What to do |
Here, the job is to give back every entry below unchanged, omitting pictures.

Records provided |
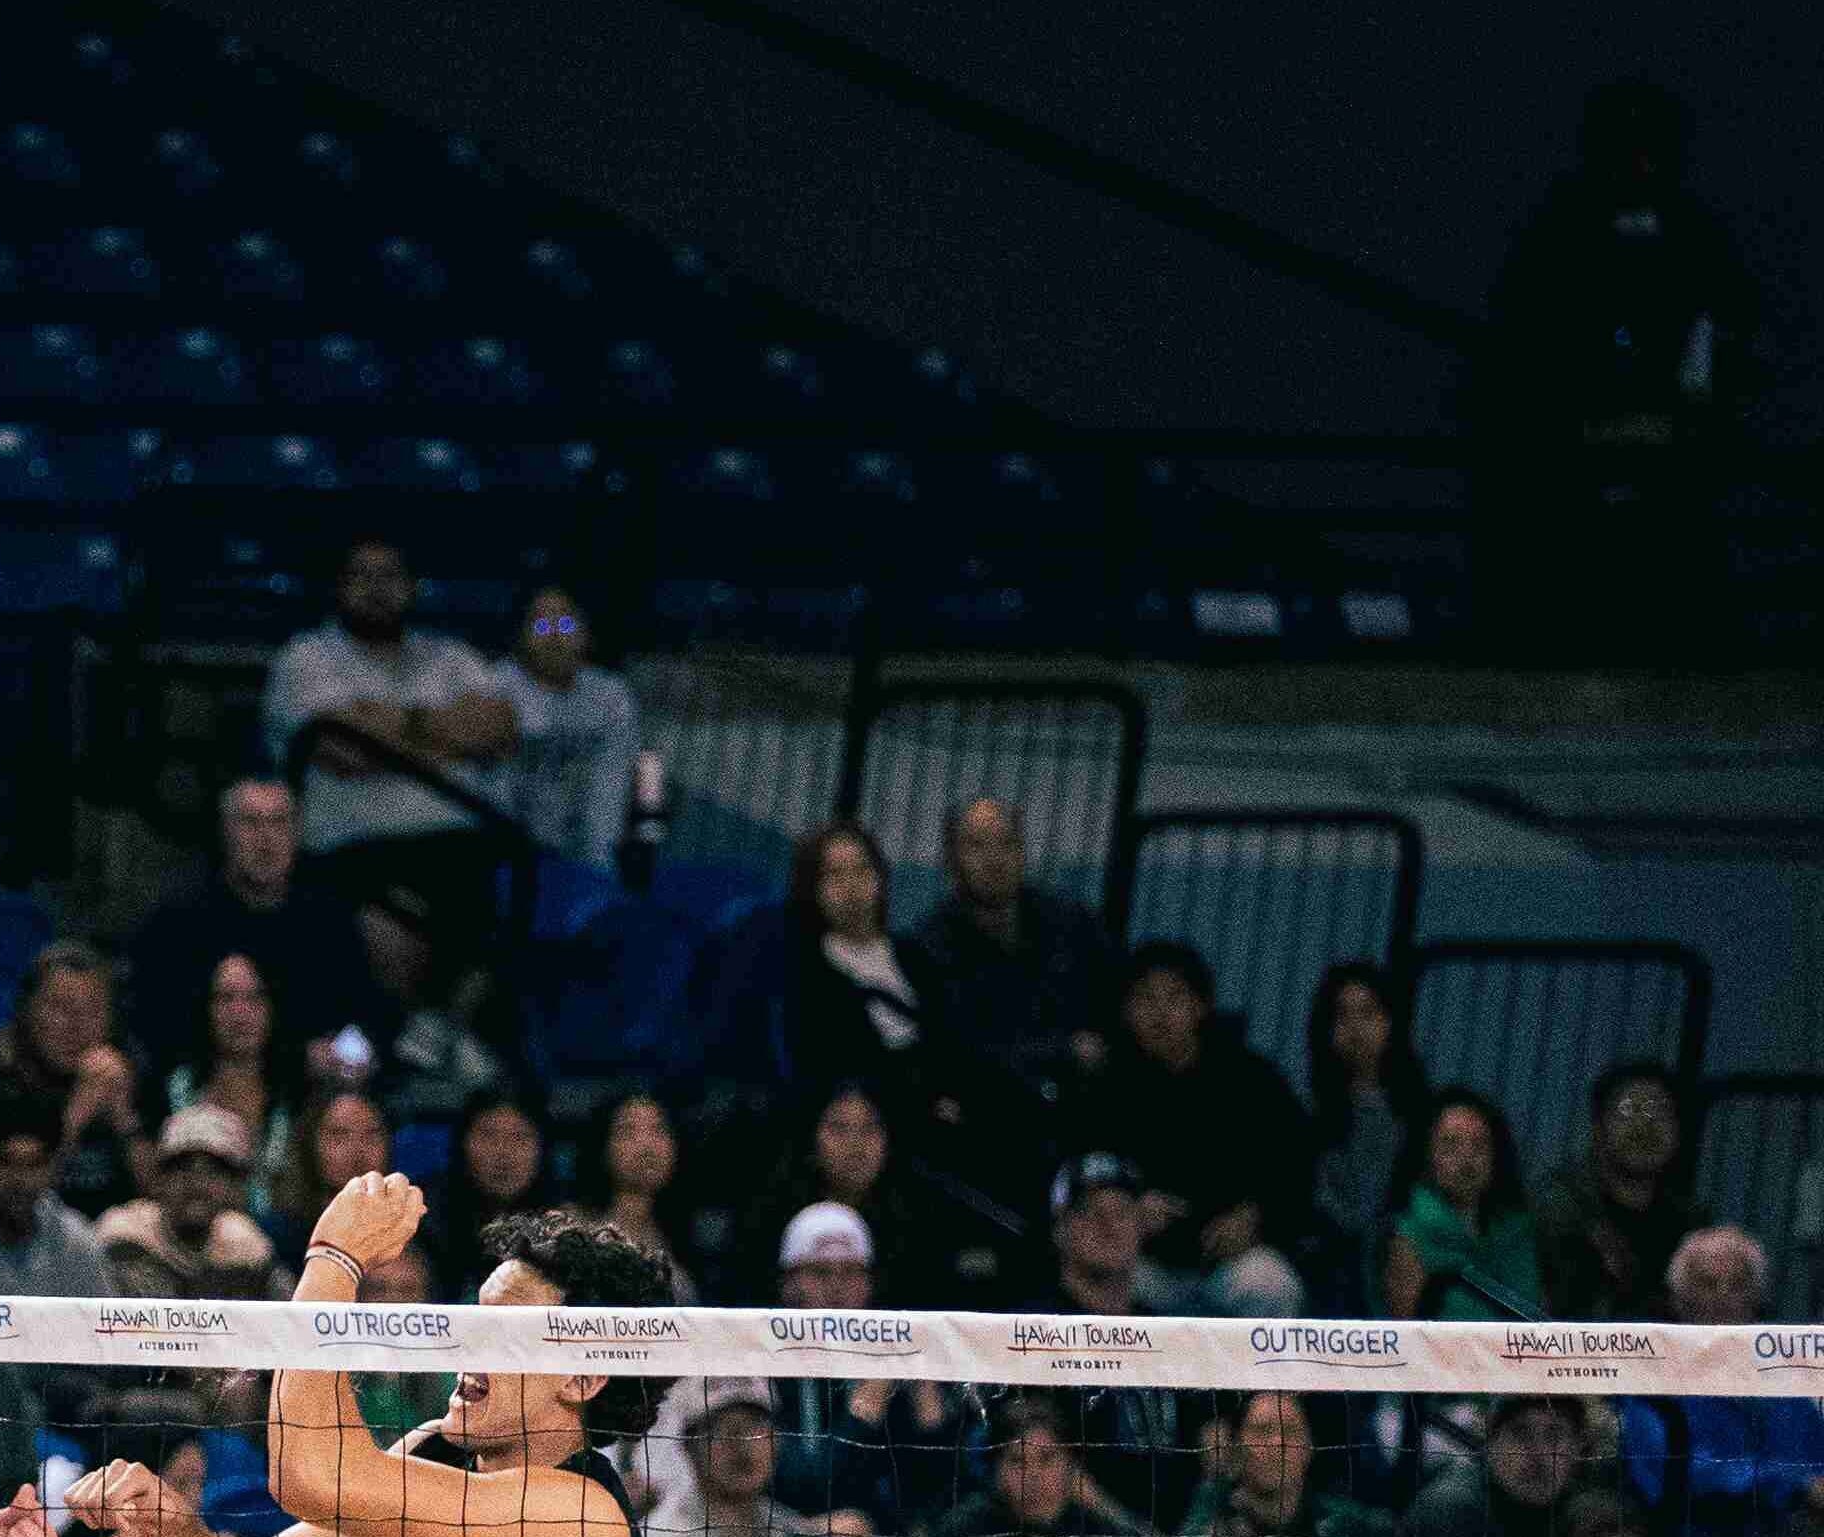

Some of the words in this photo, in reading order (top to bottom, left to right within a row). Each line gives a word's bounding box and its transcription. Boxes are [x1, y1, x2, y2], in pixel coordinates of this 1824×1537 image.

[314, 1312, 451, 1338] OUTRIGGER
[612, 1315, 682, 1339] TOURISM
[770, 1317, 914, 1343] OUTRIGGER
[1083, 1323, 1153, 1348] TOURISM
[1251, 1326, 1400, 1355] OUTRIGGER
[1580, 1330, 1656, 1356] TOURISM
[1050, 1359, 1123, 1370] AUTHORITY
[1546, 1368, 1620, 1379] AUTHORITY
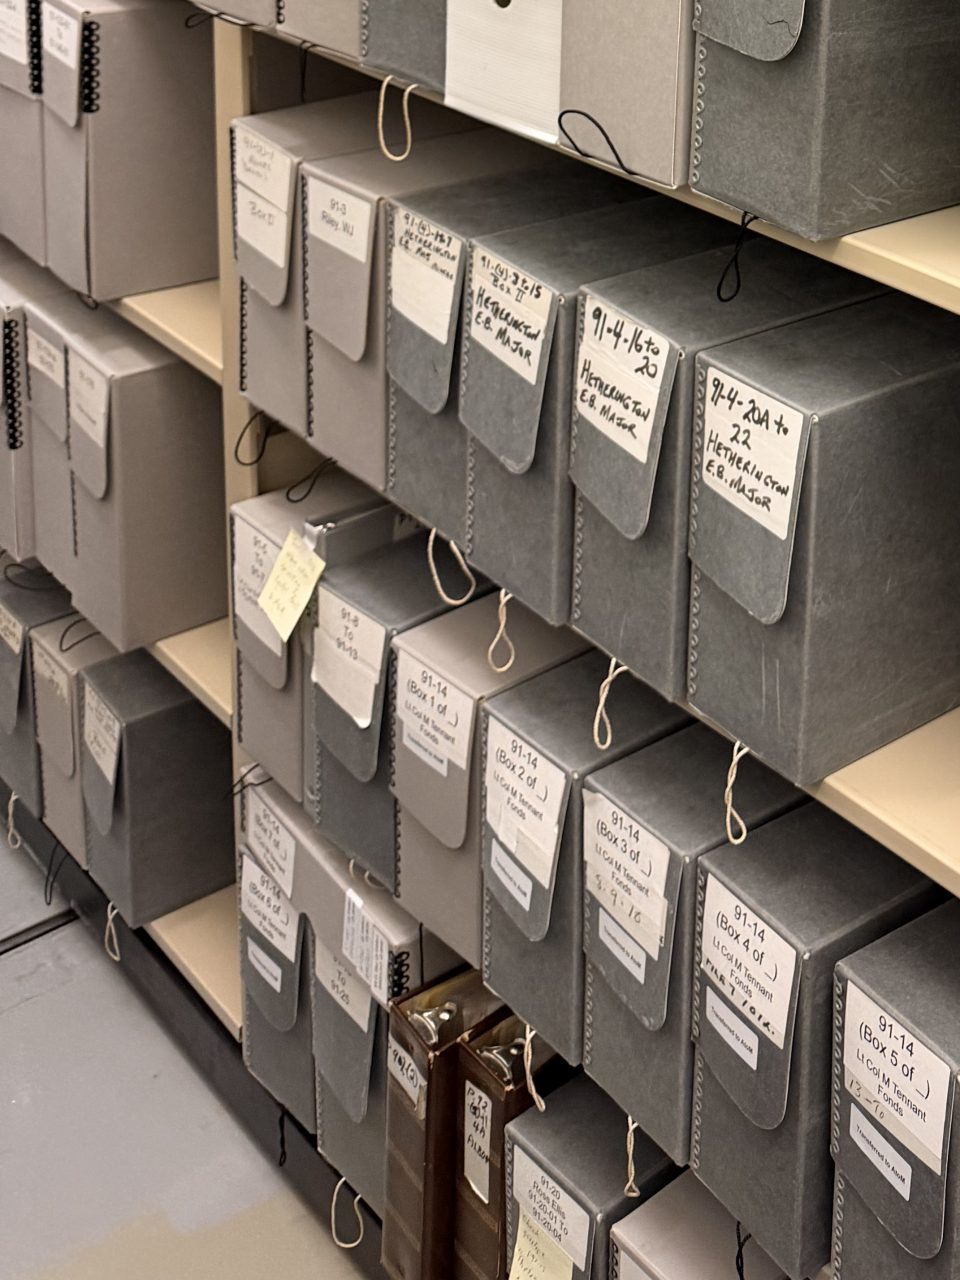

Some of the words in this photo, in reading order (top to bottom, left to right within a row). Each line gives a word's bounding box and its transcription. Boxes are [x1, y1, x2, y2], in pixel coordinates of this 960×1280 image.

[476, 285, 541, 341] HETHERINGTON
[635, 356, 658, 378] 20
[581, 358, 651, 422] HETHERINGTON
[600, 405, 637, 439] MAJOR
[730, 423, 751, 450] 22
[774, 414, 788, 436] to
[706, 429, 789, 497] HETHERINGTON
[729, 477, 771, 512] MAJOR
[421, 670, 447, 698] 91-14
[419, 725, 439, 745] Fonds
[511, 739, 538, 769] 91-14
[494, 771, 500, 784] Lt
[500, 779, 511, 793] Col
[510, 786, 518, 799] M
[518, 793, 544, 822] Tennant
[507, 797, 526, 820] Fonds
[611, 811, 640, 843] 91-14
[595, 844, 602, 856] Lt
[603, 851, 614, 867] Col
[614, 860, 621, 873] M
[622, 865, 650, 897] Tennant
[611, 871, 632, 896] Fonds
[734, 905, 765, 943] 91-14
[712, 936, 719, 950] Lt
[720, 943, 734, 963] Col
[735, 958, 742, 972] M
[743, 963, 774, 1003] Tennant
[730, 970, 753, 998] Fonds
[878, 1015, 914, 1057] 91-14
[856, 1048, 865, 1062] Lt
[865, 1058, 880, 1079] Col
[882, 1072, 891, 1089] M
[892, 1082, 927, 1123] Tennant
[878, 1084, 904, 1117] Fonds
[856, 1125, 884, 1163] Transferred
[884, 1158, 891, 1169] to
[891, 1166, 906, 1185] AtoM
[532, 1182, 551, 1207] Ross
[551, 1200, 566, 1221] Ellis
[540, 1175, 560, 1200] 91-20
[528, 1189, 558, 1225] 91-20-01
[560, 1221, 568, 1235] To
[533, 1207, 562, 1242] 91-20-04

Response below |
Some of the words in this photo, in reading order (top to bottom, left to right within a row). Each line gives a word's bounding box and its transcription. Boxes are [x1, y1, x2, y2], in pixel coordinates of this 1824×1537 image.

[314, 1312, 451, 1338] OUTRIGGER
[612, 1315, 682, 1339] TOURISM
[770, 1317, 914, 1343] OUTRIGGER
[1083, 1323, 1153, 1348] TOURISM
[1251, 1326, 1400, 1355] OUTRIGGER
[1580, 1330, 1656, 1356] TOURISM
[1050, 1359, 1123, 1370] AUTHORITY
[1546, 1368, 1620, 1379] AUTHORITY

Some of the words in this photo, in reading order (top to bottom, left to right within a row). Each line gives a word's bounding box and its transcription. Boxes are [x1, y1, x2, y2], in pixel coordinates of this 960×1280 image.

[476, 285, 541, 341] HETHERINGTON
[635, 356, 658, 378] 20
[581, 358, 651, 422] HETHERINGTON
[600, 405, 637, 439] MAJOR
[730, 423, 751, 450] 22
[774, 414, 788, 436] to
[706, 429, 789, 497] HETHERINGTON
[729, 477, 771, 512] MAJOR
[421, 670, 447, 698] 91-14
[419, 725, 439, 745] Fonds
[511, 739, 538, 769] 91-14
[494, 771, 500, 784] Lt
[500, 779, 511, 793] Col
[510, 786, 518, 799] M
[518, 793, 544, 822] Tennant
[507, 797, 526, 820] Fonds
[611, 811, 640, 843] 91-14
[595, 844, 602, 856] Lt
[603, 851, 614, 867] Col
[614, 860, 621, 873] M
[622, 865, 650, 897] Tennant
[611, 871, 632, 896] Fonds
[734, 905, 765, 943] 91-14
[712, 936, 719, 950] Lt
[720, 943, 734, 963] Col
[735, 958, 742, 972] M
[743, 963, 774, 1003] Tennant
[730, 970, 753, 998] Fonds
[878, 1015, 914, 1057] 91-14
[856, 1048, 865, 1062] Lt
[865, 1058, 880, 1079] Col
[882, 1072, 891, 1089] M
[892, 1082, 927, 1123] Tennant
[878, 1084, 904, 1117] Fonds
[856, 1125, 884, 1163] Transferred
[884, 1158, 891, 1169] to
[891, 1166, 906, 1185] AtoM
[532, 1182, 551, 1207] Ross
[551, 1200, 566, 1221] Ellis
[540, 1175, 560, 1200] 91-20
[528, 1189, 558, 1225] 91-20-01
[560, 1221, 568, 1235] To
[533, 1207, 562, 1242] 91-20-04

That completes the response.